Aim of the exercise: Reproduce all the data, character for character.

━━ Material for this task

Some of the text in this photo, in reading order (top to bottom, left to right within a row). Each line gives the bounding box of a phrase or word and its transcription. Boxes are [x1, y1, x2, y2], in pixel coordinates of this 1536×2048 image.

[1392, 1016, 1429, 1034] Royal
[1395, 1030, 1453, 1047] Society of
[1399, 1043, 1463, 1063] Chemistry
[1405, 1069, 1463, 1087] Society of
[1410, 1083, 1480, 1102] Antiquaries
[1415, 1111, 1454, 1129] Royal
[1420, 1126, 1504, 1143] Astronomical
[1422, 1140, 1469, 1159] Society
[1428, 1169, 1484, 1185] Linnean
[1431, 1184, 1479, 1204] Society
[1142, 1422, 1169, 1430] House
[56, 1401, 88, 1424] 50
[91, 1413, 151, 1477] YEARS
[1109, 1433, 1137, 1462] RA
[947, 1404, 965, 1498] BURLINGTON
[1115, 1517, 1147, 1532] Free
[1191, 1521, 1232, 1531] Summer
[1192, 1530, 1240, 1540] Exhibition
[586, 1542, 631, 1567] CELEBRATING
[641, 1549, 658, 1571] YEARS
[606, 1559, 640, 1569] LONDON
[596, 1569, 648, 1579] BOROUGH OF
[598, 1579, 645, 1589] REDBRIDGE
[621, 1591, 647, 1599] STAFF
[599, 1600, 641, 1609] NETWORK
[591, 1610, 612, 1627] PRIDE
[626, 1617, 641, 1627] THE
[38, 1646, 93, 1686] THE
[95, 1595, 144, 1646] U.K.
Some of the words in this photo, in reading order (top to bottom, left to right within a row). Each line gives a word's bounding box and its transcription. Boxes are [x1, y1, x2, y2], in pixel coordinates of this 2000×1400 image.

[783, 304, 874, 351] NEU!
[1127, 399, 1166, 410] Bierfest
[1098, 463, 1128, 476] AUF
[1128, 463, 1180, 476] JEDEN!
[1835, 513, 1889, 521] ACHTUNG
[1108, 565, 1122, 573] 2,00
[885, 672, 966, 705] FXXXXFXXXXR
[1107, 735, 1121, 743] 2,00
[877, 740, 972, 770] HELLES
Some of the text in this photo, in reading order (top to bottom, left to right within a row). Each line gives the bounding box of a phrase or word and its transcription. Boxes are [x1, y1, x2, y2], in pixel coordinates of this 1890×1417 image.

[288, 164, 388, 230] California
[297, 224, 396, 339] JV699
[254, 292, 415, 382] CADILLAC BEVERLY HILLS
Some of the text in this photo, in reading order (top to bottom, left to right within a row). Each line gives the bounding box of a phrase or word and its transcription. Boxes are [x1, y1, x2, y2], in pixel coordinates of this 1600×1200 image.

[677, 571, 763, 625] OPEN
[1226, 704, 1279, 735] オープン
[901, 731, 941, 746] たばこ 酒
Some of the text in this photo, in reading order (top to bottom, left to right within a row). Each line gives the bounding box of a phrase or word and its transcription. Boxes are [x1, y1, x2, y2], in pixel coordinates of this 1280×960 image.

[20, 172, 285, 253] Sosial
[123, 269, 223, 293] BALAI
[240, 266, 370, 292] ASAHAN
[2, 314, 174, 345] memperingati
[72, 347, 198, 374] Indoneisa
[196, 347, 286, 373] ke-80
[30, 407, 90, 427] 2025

━━━━

Output for this task:
Some of the text in this photo, in reading order (top to bottom, left to right within a row). Each line gives the bounding box of a phrase or word and its transcription. Boxes are [x1, y1, x2, y2], in pixel coordinates of this 1536×2048 image.

[1392, 1016, 1429, 1034] Royal
[1395, 1030, 1453, 1047] Society of
[1399, 1043, 1463, 1063] Chemistry
[1405, 1069, 1463, 1087] Society of
[1410, 1083, 1480, 1102] Antiquaries
[1415, 1111, 1454, 1129] Royal
[1420, 1126, 1504, 1143] Astronomical
[1422, 1140, 1469, 1159] Society
[1428, 1169, 1484, 1185] Linnean
[1431, 1184, 1479, 1204] Society
[1142, 1422, 1169, 1430] House
[56, 1401, 88, 1424] 50
[91, 1413, 151, 1477] YEARS
[1109, 1433, 1137, 1462] RA
[947, 1404, 965, 1498] BURLINGTON
[1115, 1517, 1147, 1532] Free
[1191, 1521, 1232, 1531] Summer
[1192, 1530, 1240, 1540] Exhibition
[586, 1542, 631, 1567] CELEBRATING
[641, 1549, 658, 1571] YEARS
[606, 1559, 640, 1569] LONDON
[596, 1569, 648, 1579] BOROUGH OF
[598, 1579, 645, 1589] REDBRIDGE
[621, 1591, 647, 1599] STAFF
[599, 1600, 641, 1609] NETWORK
[591, 1610, 612, 1627] PRIDE
[626, 1617, 641, 1627] THE
[38, 1646, 93, 1686] THE
[95, 1595, 144, 1646] U.K.
Some of the words in this photo, in reading order (top to bottom, left to right within a row). Each line gives a word's bounding box and its transcription. Boxes are [x1, y1, x2, y2], in pixel coordinates of this 2000×1400 image.

[783, 304, 874, 351] NEU!
[1127, 399, 1166, 410] Bierfest
[1098, 463, 1128, 476] AUF
[1128, 463, 1180, 476] JEDEN!
[1835, 513, 1889, 521] ACHTUNG
[1108, 565, 1122, 573] 2,00
[885, 672, 966, 705] FXXXXFXXXXR
[1107, 735, 1121, 743] 2,00
[877, 740, 972, 770] HELLES
Some of the text in this photo, in reading order (top to bottom, left to right within a row). Each line gives the bounding box of a phrase or word and its transcription. Boxes are [x1, y1, x2, y2], in pixel coordinates of this 1890×1417 image.

[288, 164, 388, 230] California
[297, 224, 396, 339] JV699
[254, 292, 415, 382] CADILLAC BEVERLY HILLS
Some of the text in this photo, in reading order (top to bottom, left to right within a row). Each line gives the bounding box of a phrase or word and its transcription. Boxes are [x1, y1, x2, y2], in pixel coordinates of this 1600×1200 image.

[677, 571, 763, 625] OPEN
[1226, 704, 1279, 735] オープン
[901, 731, 941, 746] たばこ 酒
Some of the text in this photo, in reading order (top to bottom, left to right within a row). Each line gives the bounding box of a phrase or word and its transcription. Boxes are [x1, y1, x2, y2], in pixel coordinates of this 1280×960 image.

[20, 172, 285, 253] Sosial
[123, 269, 223, 293] BALAI
[240, 266, 370, 292] ASAHAN
[2, 314, 174, 345] memperingati
[72, 347, 198, 374] Indoneisa
[196, 347, 286, 373] ke-80
[30, 407, 90, 427] 2025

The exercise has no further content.